Provided entries:
----
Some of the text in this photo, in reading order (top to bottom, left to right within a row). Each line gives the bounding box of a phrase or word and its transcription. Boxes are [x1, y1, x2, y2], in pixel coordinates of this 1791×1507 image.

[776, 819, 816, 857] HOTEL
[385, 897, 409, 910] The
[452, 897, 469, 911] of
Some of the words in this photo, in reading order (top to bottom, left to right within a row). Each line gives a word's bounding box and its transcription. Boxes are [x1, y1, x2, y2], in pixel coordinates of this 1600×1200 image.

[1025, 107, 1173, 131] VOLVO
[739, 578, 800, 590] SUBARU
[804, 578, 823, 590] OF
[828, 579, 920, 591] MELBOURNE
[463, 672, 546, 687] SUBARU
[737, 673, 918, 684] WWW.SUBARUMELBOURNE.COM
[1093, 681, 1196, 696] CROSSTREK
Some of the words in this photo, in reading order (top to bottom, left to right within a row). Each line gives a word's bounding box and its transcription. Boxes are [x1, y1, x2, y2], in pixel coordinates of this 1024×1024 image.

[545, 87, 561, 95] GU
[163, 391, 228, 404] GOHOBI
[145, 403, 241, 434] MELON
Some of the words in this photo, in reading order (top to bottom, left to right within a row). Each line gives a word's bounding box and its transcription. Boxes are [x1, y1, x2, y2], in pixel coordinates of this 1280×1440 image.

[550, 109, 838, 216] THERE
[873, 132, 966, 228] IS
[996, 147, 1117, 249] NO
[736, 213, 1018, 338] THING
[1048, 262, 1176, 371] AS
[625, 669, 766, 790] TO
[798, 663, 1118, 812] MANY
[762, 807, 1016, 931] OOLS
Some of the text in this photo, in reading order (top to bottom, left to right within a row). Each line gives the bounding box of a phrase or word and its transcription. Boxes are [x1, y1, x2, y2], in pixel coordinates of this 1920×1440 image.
----
Problem details: When you answer, retype all of the material exactly as it appears above.

Answer to this exercise:
Some of the text in this photo, in reading order (top to bottom, left to right within a row). Each line gives the bounding box of a phrase or word and its transcription. Boxes are [x1, y1, x2, y2], in pixel coordinates of this 1791×1507 image.

[776, 819, 816, 857] HOTEL
[385, 897, 409, 910] The
[452, 897, 469, 911] of
Some of the words in this photo, in reading order (top to bottom, left to right within a row). Each line gives a word's bounding box and its transcription. Boxes are [x1, y1, x2, y2], in pixel coordinates of this 1600×1200 image.

[1025, 107, 1173, 131] VOLVO
[739, 578, 800, 590] SUBARU
[804, 578, 823, 590] OF
[828, 579, 920, 591] MELBOURNE
[463, 672, 546, 687] SUBARU
[737, 673, 918, 684] WWW.SUBARUMELBOURNE.COM
[1093, 681, 1196, 696] CROSSTREK
Some of the words in this photo, in reading order (top to bottom, left to right within a row). Each line gives a word's bounding box and its transcription. Boxes are [x1, y1, x2, y2], in pixel coordinates of this 1024×1024 image.

[545, 87, 561, 95] GU
[163, 391, 228, 404] GOHOBI
[145, 403, 241, 434] MELON
Some of the words in this photo, in reading order (top to bottom, left to right within a row). Each line gives a word's bounding box and its transcription. Boxes are [x1, y1, x2, y2], in pixel coordinates of this 1280×1440 image.

[550, 109, 838, 216] THERE
[873, 132, 966, 228] IS
[996, 147, 1117, 249] NO
[736, 213, 1018, 338] THING
[1048, 262, 1176, 371] AS
[625, 669, 766, 790] TO
[798, 663, 1118, 812] MANY
[762, 807, 1016, 931] OOLS
Some of the text in this photo, in reading order (top to bottom, left to right within a row). Each line gives the bounding box of a phrase or word and its transcription. Boxes are [x1, y1, x2, y2], in pixel coordinates of this 1920×1440 image.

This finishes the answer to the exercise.